Farm debt in Australia has risen from A$40.3 billion in 2004 to A$70 billion, of which A$5-10 billion is classified as distressed. There have been calls for the government to step in and clean up the worst positions. PE investment would also be welcome, but is it economically viable?

"The agriculture sector in Australia is ripe for foreign investment and remains overleveraged and quite illiquid," says James Marshall, a partner in Ashurst's restructuring and insolvency group. "Australian banks are struggling with some of their exposure and there is a lot of interest in how foreign investors might assist through roll-up strategies."

There are two types of farming operation in Australia. At one end of the scale are the corporates, with assets of A$500 million to A$1 billion that are able to raise new capital and get their debt down to a sustainable level.
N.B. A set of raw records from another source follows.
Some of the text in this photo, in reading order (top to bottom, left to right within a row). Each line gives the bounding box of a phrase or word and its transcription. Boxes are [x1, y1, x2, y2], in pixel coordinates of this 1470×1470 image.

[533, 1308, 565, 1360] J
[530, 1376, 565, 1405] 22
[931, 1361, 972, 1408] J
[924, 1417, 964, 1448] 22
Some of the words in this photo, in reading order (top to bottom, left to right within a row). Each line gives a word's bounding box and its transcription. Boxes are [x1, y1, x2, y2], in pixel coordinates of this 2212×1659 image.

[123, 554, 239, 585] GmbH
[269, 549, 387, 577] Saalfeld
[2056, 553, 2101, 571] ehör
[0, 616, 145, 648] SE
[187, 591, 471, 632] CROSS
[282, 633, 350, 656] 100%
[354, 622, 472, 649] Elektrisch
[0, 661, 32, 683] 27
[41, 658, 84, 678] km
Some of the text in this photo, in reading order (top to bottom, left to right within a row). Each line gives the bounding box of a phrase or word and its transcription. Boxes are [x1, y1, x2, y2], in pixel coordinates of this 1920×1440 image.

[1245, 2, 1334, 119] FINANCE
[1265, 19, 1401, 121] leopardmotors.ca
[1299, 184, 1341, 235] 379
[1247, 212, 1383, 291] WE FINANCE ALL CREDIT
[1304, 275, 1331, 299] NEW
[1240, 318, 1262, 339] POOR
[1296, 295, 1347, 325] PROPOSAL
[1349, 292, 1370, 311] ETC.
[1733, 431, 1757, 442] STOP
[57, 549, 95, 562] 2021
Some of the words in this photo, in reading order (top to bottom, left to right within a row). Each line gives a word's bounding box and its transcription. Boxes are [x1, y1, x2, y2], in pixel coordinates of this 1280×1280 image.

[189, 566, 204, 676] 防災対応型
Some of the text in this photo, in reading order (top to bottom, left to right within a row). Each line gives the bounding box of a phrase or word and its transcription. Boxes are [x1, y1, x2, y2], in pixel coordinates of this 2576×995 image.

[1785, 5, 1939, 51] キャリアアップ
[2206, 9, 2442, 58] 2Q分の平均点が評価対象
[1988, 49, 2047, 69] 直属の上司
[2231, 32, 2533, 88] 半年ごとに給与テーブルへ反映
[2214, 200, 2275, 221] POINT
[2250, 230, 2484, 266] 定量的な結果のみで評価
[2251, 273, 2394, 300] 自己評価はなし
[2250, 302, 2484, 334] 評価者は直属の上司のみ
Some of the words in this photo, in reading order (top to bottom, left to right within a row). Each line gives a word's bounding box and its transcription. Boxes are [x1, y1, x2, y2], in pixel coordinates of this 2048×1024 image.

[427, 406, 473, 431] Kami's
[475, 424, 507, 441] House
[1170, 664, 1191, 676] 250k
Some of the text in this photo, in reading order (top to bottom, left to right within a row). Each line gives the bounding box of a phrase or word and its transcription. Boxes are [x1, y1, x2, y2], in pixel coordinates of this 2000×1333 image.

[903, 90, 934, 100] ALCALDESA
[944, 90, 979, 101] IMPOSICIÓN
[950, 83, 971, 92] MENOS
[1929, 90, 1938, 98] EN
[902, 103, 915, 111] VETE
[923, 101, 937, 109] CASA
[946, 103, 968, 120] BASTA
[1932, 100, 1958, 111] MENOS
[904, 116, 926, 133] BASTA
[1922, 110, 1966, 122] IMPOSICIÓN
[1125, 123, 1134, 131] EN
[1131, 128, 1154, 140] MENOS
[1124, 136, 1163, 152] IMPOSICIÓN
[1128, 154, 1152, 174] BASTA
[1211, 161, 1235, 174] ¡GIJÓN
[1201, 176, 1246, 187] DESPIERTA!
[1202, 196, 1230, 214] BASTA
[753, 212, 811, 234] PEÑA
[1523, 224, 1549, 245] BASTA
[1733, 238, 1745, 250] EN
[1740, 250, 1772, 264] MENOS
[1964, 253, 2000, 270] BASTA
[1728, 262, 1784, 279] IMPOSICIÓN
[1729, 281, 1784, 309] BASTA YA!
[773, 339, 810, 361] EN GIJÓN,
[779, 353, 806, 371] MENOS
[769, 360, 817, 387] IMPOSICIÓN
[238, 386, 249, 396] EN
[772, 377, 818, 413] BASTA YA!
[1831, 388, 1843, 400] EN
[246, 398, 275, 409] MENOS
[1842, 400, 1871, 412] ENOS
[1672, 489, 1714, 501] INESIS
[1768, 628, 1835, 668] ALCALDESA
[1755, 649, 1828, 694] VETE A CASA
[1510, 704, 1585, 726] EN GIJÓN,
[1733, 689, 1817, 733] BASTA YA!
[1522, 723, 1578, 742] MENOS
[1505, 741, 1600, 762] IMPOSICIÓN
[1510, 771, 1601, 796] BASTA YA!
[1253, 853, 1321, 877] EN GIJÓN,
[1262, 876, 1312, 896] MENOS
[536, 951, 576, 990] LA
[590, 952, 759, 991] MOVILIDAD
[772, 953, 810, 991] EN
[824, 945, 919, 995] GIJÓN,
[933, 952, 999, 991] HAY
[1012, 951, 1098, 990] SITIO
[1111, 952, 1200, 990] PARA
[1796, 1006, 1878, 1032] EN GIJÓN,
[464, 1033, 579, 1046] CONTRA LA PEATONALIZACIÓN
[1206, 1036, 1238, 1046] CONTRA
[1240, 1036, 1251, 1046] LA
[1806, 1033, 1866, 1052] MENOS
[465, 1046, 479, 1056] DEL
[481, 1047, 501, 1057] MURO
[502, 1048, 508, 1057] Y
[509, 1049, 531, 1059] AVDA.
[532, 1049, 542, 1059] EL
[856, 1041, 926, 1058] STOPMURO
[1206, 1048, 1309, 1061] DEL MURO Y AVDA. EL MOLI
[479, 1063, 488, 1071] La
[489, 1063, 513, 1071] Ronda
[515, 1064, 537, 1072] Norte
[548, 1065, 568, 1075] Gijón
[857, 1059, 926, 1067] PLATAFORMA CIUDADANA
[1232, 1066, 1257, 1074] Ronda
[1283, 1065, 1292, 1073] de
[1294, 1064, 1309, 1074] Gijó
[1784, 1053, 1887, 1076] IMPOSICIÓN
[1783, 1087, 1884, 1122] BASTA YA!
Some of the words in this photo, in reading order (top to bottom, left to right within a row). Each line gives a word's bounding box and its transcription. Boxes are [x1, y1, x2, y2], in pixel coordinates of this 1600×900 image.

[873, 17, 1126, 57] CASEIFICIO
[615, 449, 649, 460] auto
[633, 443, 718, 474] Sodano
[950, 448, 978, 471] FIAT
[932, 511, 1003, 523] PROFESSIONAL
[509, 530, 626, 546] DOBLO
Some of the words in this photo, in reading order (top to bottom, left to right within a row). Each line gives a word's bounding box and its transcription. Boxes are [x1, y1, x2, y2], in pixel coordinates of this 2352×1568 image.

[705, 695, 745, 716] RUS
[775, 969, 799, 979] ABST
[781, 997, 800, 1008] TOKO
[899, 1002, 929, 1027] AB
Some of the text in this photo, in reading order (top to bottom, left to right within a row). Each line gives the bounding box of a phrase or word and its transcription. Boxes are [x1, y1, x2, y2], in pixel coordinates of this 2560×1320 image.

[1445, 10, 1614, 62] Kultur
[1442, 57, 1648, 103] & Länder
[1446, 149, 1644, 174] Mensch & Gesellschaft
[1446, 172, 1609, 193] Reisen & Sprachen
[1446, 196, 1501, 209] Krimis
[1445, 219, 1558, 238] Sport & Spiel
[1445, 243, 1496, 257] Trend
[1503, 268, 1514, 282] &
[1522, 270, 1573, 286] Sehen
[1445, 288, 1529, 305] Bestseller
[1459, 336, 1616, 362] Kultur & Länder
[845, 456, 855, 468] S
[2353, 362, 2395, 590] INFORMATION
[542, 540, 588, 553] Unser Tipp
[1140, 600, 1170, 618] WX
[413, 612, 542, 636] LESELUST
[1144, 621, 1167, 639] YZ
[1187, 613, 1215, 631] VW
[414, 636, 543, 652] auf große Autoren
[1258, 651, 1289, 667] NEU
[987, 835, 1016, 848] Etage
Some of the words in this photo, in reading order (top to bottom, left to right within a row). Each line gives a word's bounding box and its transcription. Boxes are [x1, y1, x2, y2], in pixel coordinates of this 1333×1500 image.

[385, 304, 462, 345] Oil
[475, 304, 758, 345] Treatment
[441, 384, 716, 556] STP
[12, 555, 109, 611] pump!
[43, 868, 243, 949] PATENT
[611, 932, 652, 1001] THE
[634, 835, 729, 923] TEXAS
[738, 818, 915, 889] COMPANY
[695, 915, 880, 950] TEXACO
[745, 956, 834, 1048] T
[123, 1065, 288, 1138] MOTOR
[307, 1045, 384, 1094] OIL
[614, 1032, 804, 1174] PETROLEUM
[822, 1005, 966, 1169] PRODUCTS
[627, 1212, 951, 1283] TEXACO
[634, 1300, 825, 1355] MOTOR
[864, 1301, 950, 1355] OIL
Even then, large players are not immune to difficulty. Having lost approximately A$1.7 billion over the last five years, Elders has been forced to downsize and restructure its debts. Namoi Cotton sold a stake to US agricultural trader Louis Dreyfus Commodities at the start of 2013 amid concerns about its ability to service debts and stay in business. And then there is PrimeAg whose shareholders voted to wind up the business last October.

At the other end of the scale are the mom-and-pop farms. Typical distressed cases started with the acquisition of a neighboring farm, backed by debt. After five bad years in a row the debt has swollen from A$10 million to A$20 million and is now worth more than the collective value of the land and the cattle on it.

"There are lots of people in that A$10-30 million exposure range who are in trouble, rather than one owner with a distressed position of A$300-400 million," according to a restructuring expert with one of the Big Four banks. "There is an opportunity to do a roll-up and someone will eventually do it. Then the drought breaks, cattle prices go up, the Australian dollar depreciates, and it's happy times again."

There are plenty of strategies and purported opportunities, but as yet no significant activity. Politics - and the potential for government intervention in the sector through a state-backed reconstruction bank - may be partly responsible for private sector hesitancy.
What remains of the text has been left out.